Paul, sadly, does not meet 21st century standards of using perfectly clear and unambiguous terms in 100% consistent ways. So it requires some level of attention on the part of the reader to determine from the context of his argument when he is talking about morality and when he is talking about Jewish customs, as the words "works" and "law" sometimes occur in the context of each. Romans is certainly no exception to this, as Paul in Romans 2 affirms that God will judge people "according to their works" (of morality) and that it is the "doers of the law who are justified" (ie the moral law) but by 3:28 is asserting that "works of the law" (Jewish customs) are not the criterion of God's judgment. In the second half of chapter 3 and the first half of chapter 4, Paul engages in a somewhat convoluted argument against this idea of Jewishness as achieving righteousness before God.
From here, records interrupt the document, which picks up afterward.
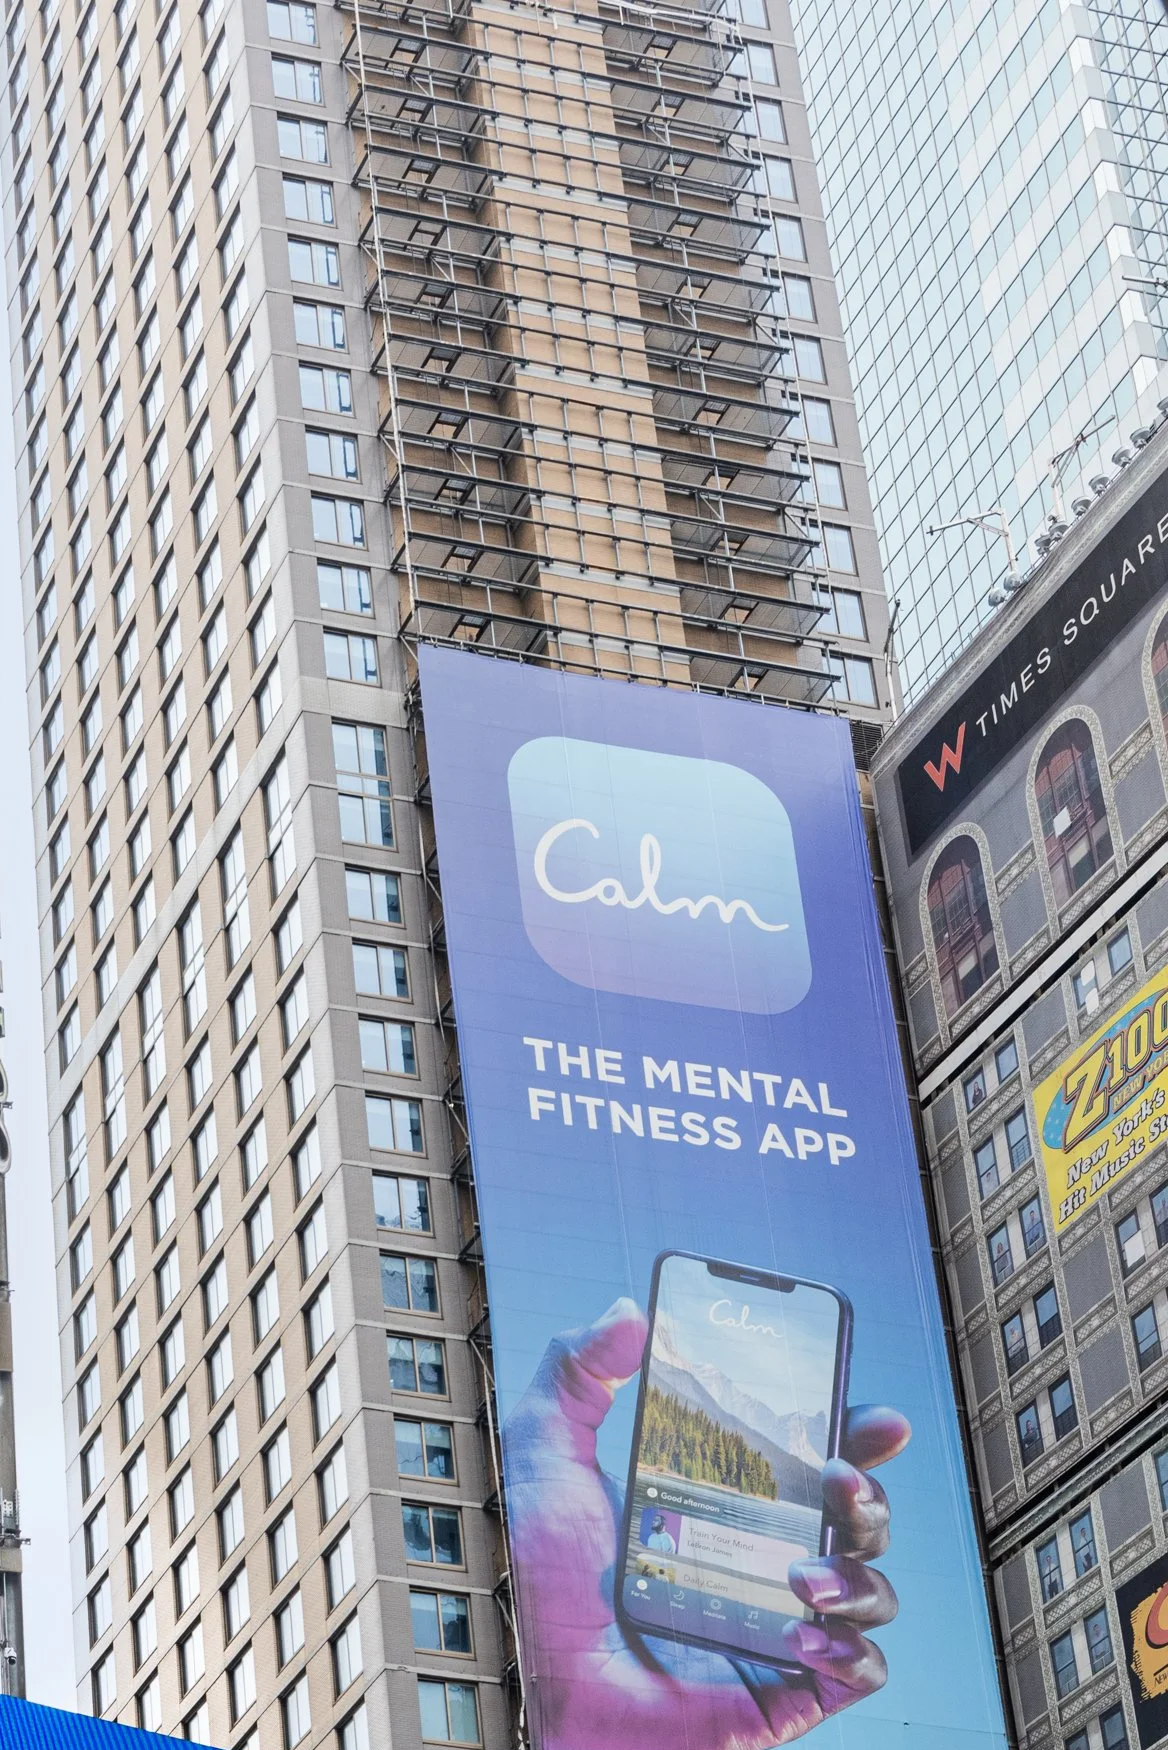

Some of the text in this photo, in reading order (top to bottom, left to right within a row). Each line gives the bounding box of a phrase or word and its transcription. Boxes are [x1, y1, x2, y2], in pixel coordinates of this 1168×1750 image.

[923, 721, 966, 793] W
[975, 648, 1052, 738] TIMES
[534, 818, 789, 932] Calm
[523, 1037, 849, 1118] THE MENTAL
[528, 1086, 857, 1166] FITNESS APP
[1066, 1088, 1166, 1189] New York's
[1059, 1186, 1087, 1224] Hit
[1090, 1137, 1145, 1197] Music
[708, 1298, 785, 1338] Calm
[661, 1492, 720, 1513] Good afternoon
[689, 1527, 754, 1552] Train Your Mind
[683, 1574, 728, 1593] Daily Calm
In 3:9-26 Paul has argued that there is no distinction between followers of Jewish customs and followers of Greek customs before God: Anyone who is faithfully obedient to God's moral commands is acceptable. Paul asks about what happens to "boasting" (3:27). If the Jews are they elect of God then they can claim to have been honoured above the Gentiles, but if God honours anyone who is faithful then the Jews don't have any privileged status to boast about (3:27-28). Paul clarifies that this would be analogous to God being "the God of the Jews only" and argues that God is not the God of the Jews only and will justify both those who follow Jewish customs and those who follow Greek ones (3:29-30).
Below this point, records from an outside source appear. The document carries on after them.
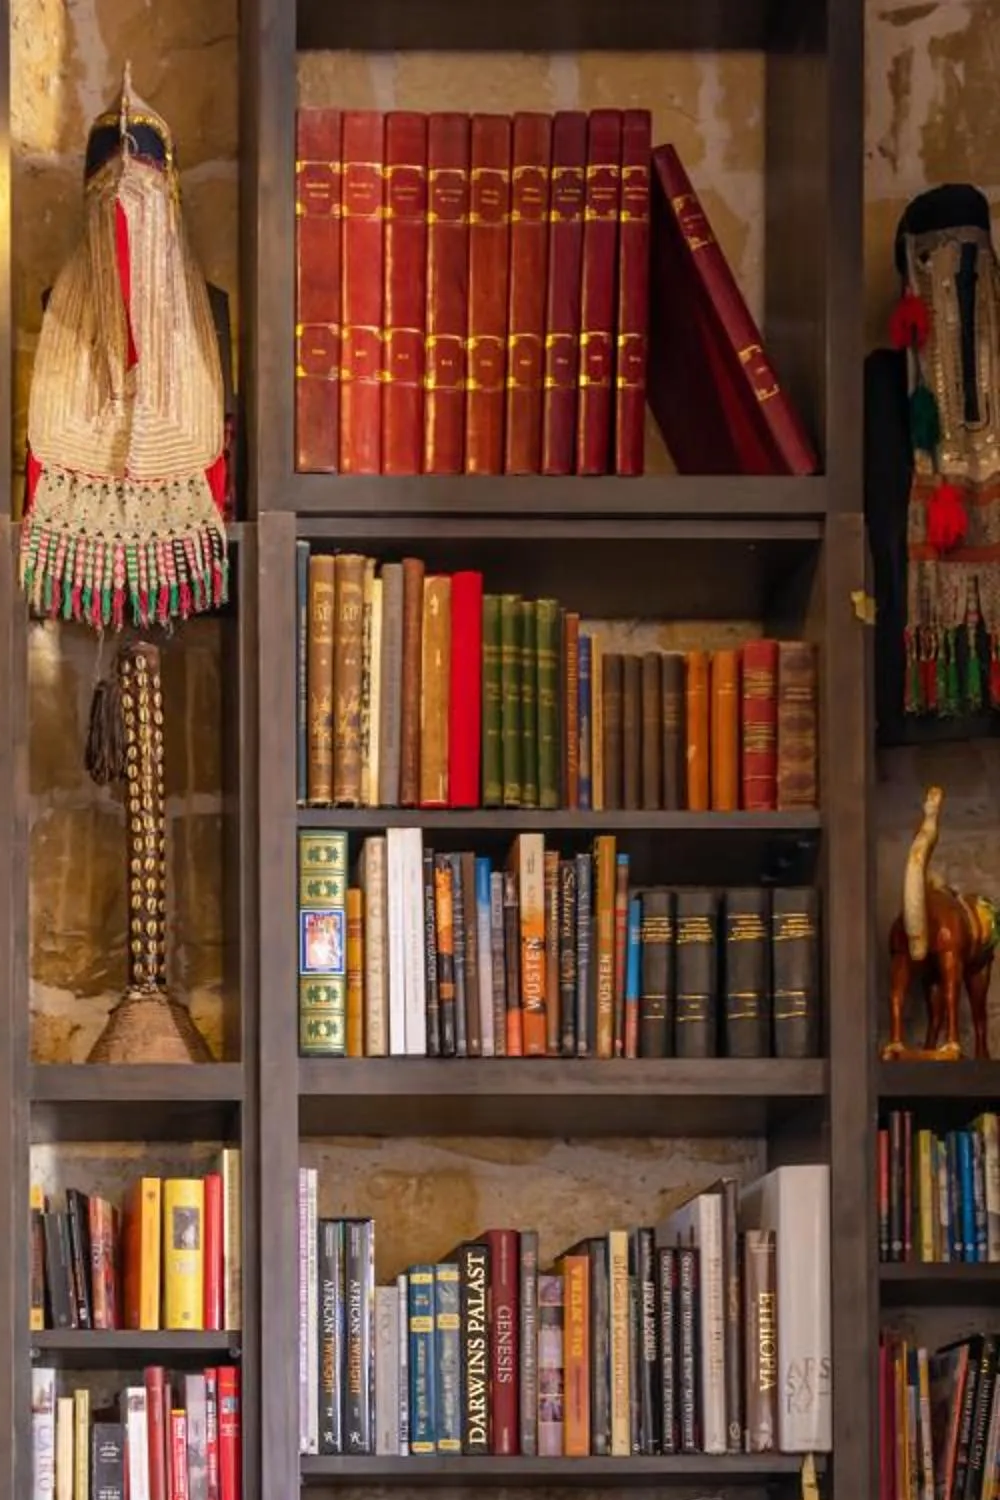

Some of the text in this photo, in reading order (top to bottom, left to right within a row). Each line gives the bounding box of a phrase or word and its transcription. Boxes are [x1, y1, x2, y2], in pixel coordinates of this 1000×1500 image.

[323, 1280, 336, 1393] AFRICAN TWILIGHT
[350, 1280, 362, 1393] AFRICAN TWILIGHT
[467, 1252, 486, 1444] DARWINS PALAST
[496, 1306, 512, 1384] GENESIS
[758, 1292, 774, 1391] ETHIOPIA
[38, 1424, 52, 1492] CAIRO
Paul then turns to Abraham in chapter 4 and argues that when Abraham was called righteous by God it was at a time when Abraham was not a follower of Jewish customs and his righteousness was due to his faithfulness. Paul observes that if Abraham had been chosen arbitrarily by God because of Jewishness then he could have claimed to have been honoured above Gentiles by God (4:2), but he could not have claimed honour in God's sight because God would have been arbitrarily gifting him honour. (Paul's comment about Abraham not being able to claim honour from God would make no sense if he was talking about moral good works) Paul reiterates that Abraham's righteousness came from his "faithfulness" (4:3). Then follows 4:4-5, to which I will return shortly.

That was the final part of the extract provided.